### What the task asks
In your copy, include every line of the records exactly and no picture at all.

Collection entries
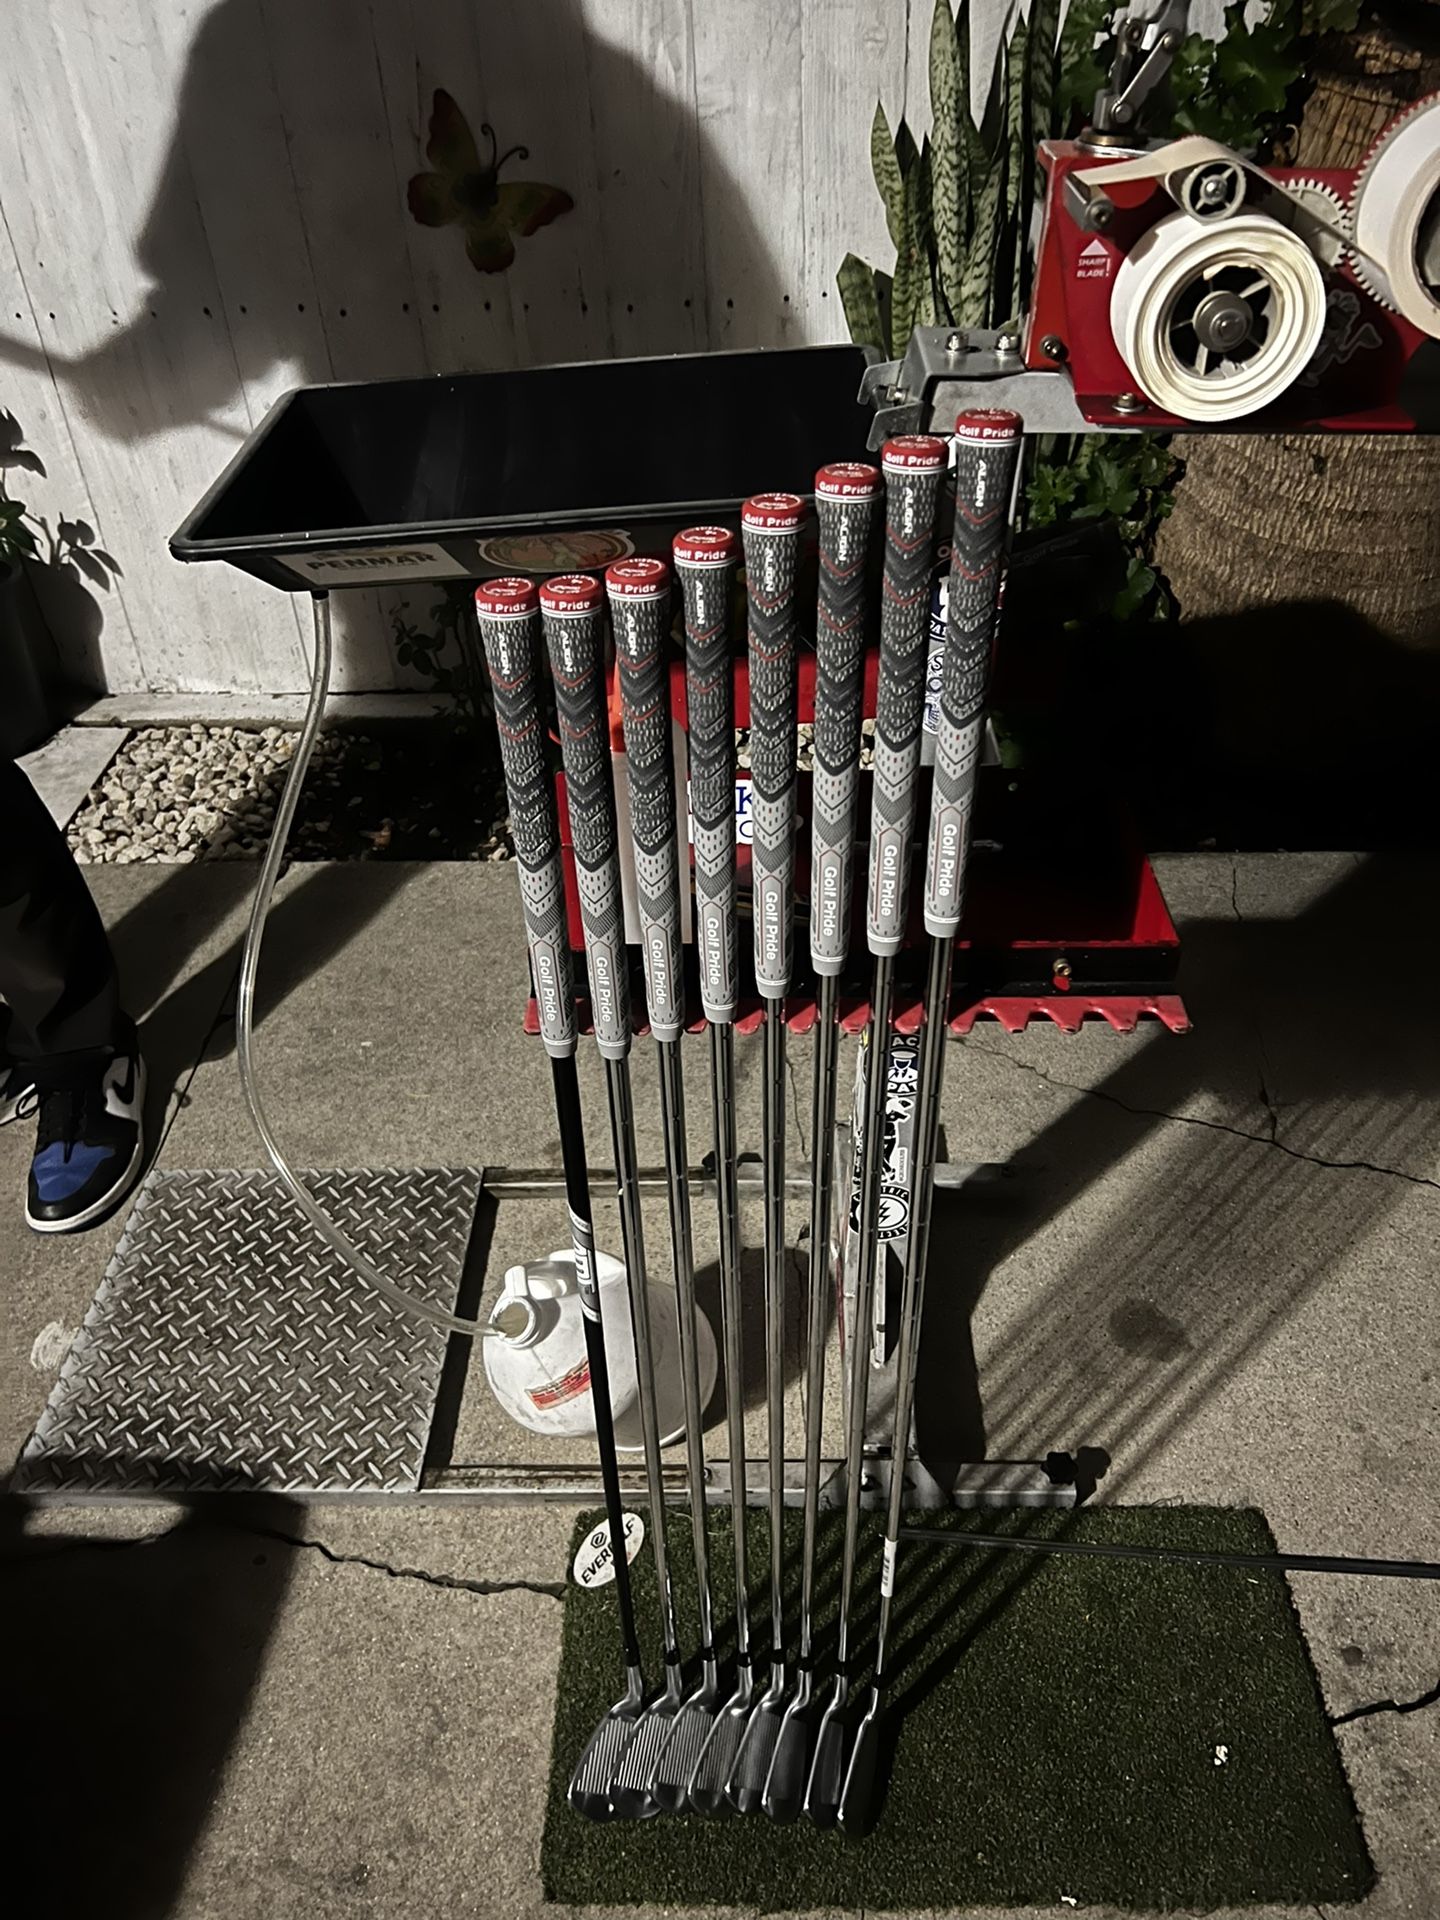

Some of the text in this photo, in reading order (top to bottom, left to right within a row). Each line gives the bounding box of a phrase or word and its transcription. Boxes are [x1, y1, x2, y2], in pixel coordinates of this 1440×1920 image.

[1078, 258, 1105, 266] SHARP
[959, 424, 1015, 438] Golf Pride
[885, 452, 940, 466] Golf Pride
[819, 481, 873, 494] Golf Pride
[745, 512, 798, 527] Golf Pride
[306, 554, 436, 570] PENMAR
[694, 550, 726, 560] Pride
[625, 584, 656, 594] Pride
[495, 603, 527, 612] Pride
[559, 601, 590, 610] Pride
[938, 823, 958, 897] Golf Pride
[881, 845, 898, 917] Golf Pride
[823, 866, 837, 937] Golf Pride
[765, 891, 778, 961] Golf Pride
[706, 917, 720, 985] Golf Pride
[652, 939, 667, 1005] Golf Pride
[539, 957, 556, 1022] Golf Pride
[596, 957, 613, 1022] Golf Pride
[581, 1519, 635, 1584] EVERF

### Answer to the problem
Some of the text in this photo, in reading order (top to bottom, left to right within a row). Each line gives the bounding box of a phrase or word and its transcription. Boxes are [x1, y1, x2, y2], in pixel coordinates of this 1440×1920 image.

[1078, 258, 1105, 266] SHARP
[959, 424, 1015, 438] Golf Pride
[885, 452, 940, 466] Golf Pride
[819, 481, 873, 494] Golf Pride
[745, 512, 798, 527] Golf Pride
[306, 554, 436, 570] PENMAR
[694, 550, 726, 560] Pride
[625, 584, 656, 594] Pride
[495, 603, 527, 612] Pride
[559, 601, 590, 610] Pride
[938, 823, 958, 897] Golf Pride
[881, 845, 898, 917] Golf Pride
[823, 866, 837, 937] Golf Pride
[765, 891, 778, 961] Golf Pride
[706, 917, 720, 985] Golf Pride
[652, 939, 667, 1005] Golf Pride
[539, 957, 556, 1022] Golf Pride
[596, 957, 613, 1022] Golf Pride
[581, 1519, 635, 1584] EVERF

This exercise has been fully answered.